Un’immagine devastante che mette ulteriormente in crisi il racconto mediatico ormai palesemente distopico, con evidenti e gravi ripercussioni politiche. Si perché dalle urne è arrivato un segnale chiarissimo e preoccupante, un’astensione di massa e il crollo di quelle forze politiche (M5S, Lega, FdI) che in questi anni hanno finto di rappresentare un’alternativa al sistema, e per questo hanno ottenuto vittorie clamorose nelle varie elezioni.

Il M5S si è da tempo suicidato sull’altare del governismo mentre fino a pochi mesi fa la Salvini e Meloni rappresentavano ancora, per milioni di italiani, i referenti politici della lotta popolare contro i poteri forti, sempre più esplicitamente orientati a  imporre una forma di governo autoritario.

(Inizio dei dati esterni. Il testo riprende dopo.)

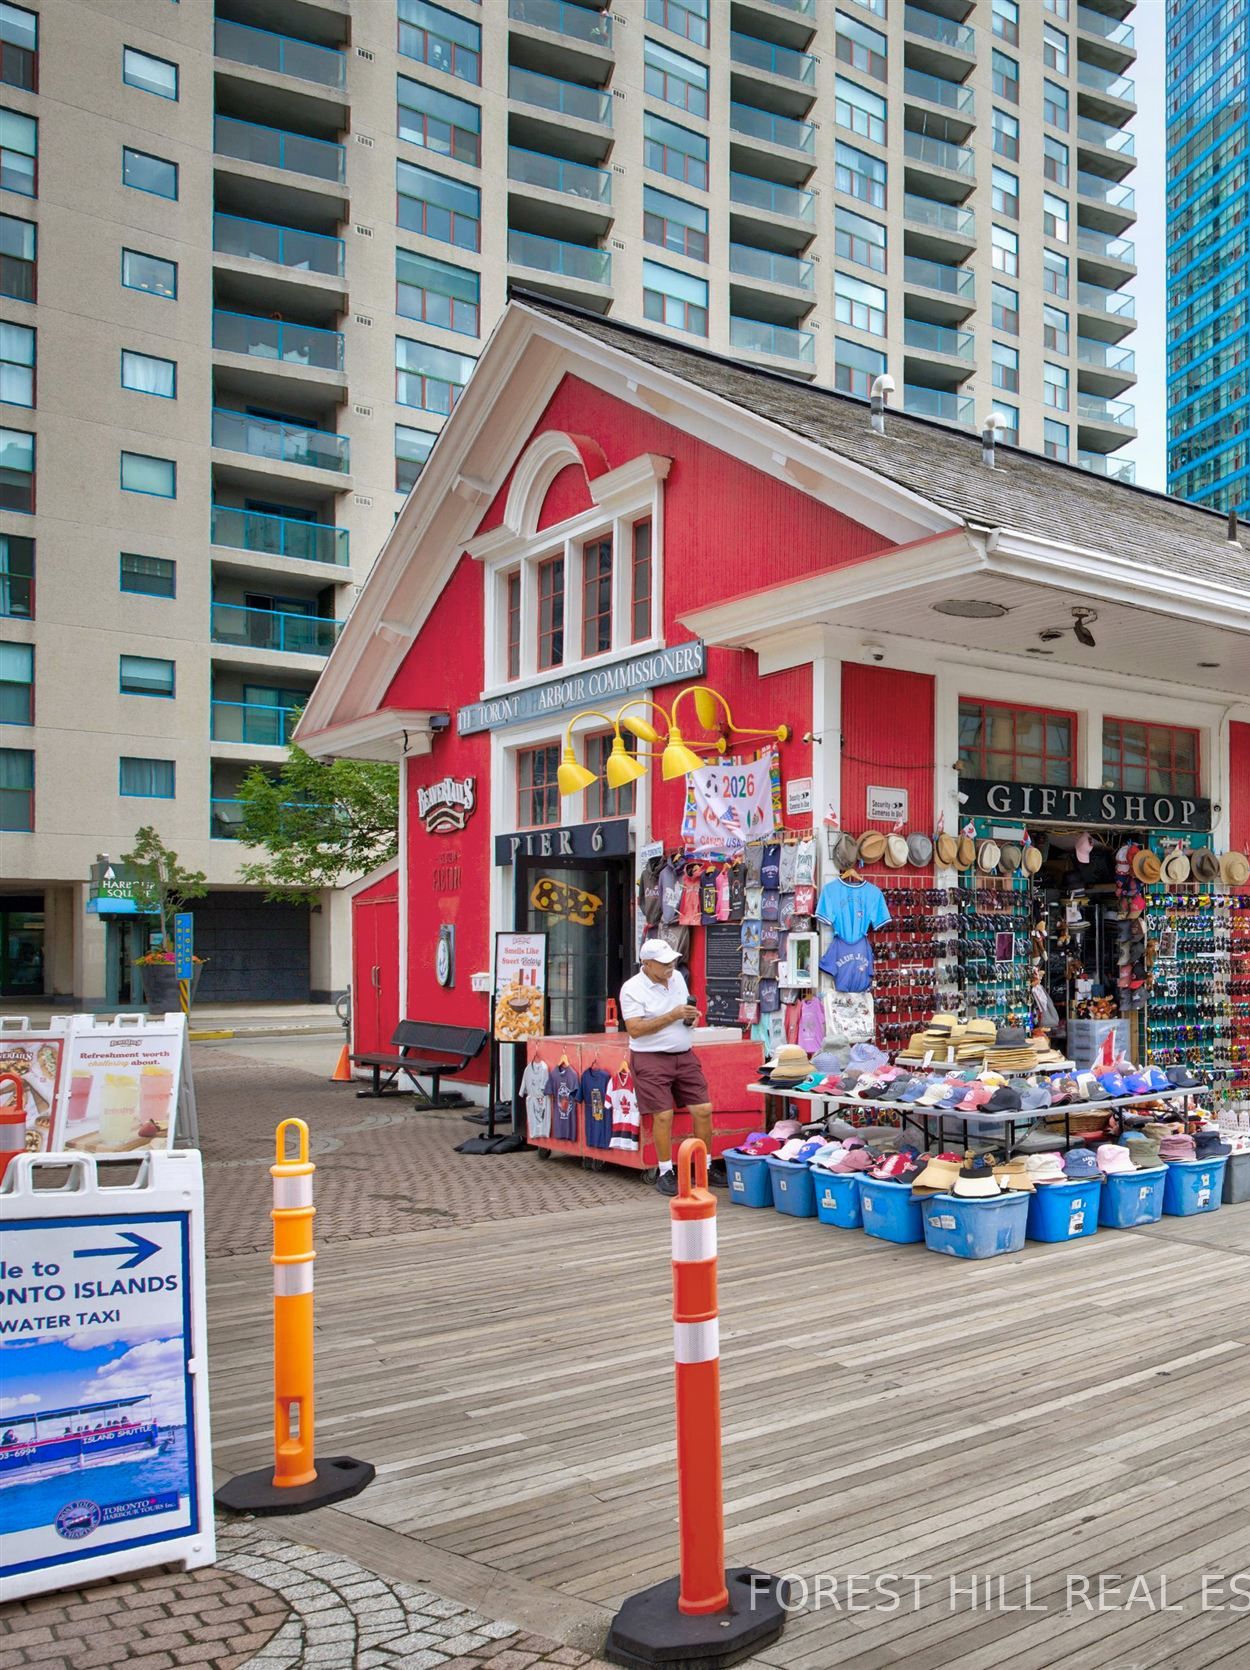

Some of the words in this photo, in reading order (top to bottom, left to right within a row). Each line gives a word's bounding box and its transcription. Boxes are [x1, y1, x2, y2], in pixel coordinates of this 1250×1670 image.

Con l’entrata nell’esecutivo di Draghi dei “sovranisti” di regime questa illusione è svanita e i cittadini, in risposta, hanno disertato le urne e riempito le piazze. Le imbarazzanti e imbarazzate parole a timido supporto dei lavoratori e dei manifestanti di Trieste, pronunciate stamattina dal “Capitone” e da “Iosonogiorgia” mostrano la drammatica trappola in cui si trovano i due leader: impossibilitati a rompere con Draghi sono costretti a recitare la parte del poliziotto buono, in una sceneggiata che, come hanno mostrato le urne, non interessa più il popolo, mentre il PD, dopo aver cantato bella ciao contro il fascismo in una Piazza San Giovanni mezza vuota, plaude ai manganelli dei celerini che si abbattono su lavoratori e manifestanti.

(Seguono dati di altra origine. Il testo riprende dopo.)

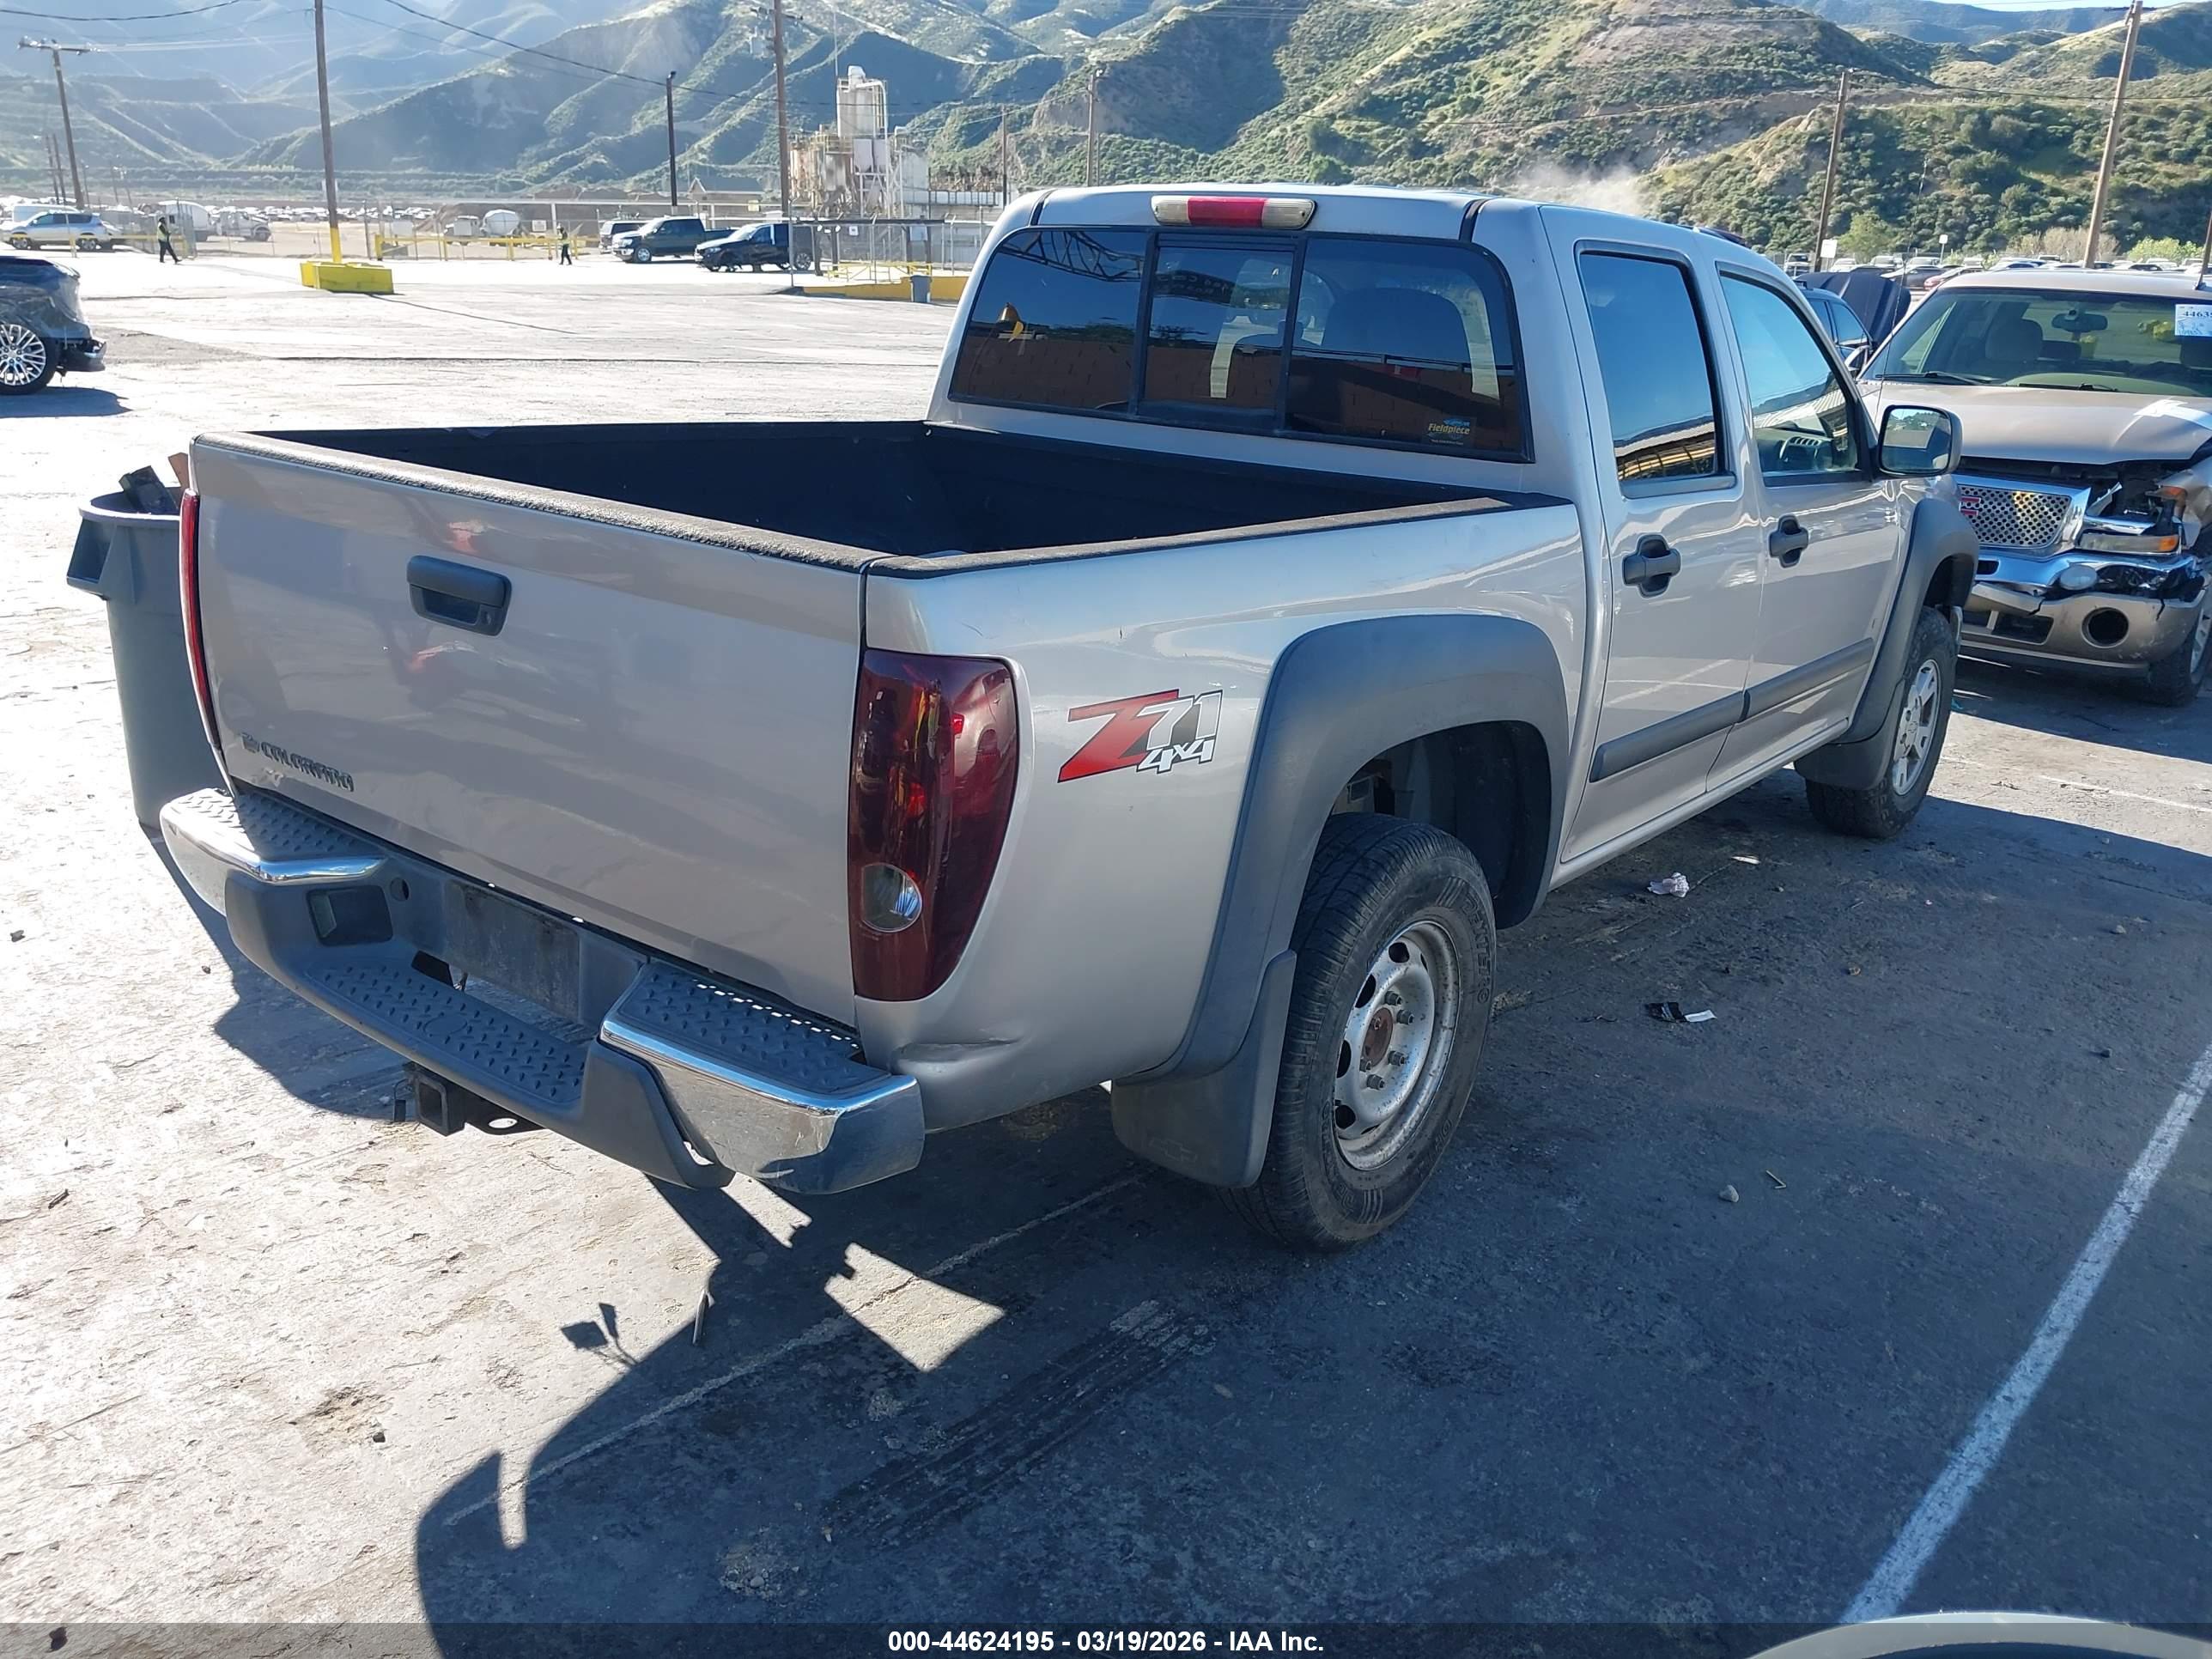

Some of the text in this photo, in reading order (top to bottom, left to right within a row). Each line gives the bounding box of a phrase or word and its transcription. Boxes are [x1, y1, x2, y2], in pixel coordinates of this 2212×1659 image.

[1428, 422, 1470, 434] Fieldpiece
[1057, 689, 1223, 783] Z71
[260, 741, 355, 792] COLORADO

E’ facile prevedere che dalle urne vuote uscirà una vittoria del PD e delle forze governiste, perché le piazze piene non hanno un referente politico.

E’ indispensabile a questo punto garantire uno sbocco politico alla rivolta democratica in atto, e per farlo tutte le forze democratiche e costituzionali, a cominciare da Ancora Italia e Movimento 3 V, devono unirsi mettendo da parte qualsiasi particolarismo o personalismo, per dare corpo a un’alternativa politica che il popolo sta chiaramente invocando.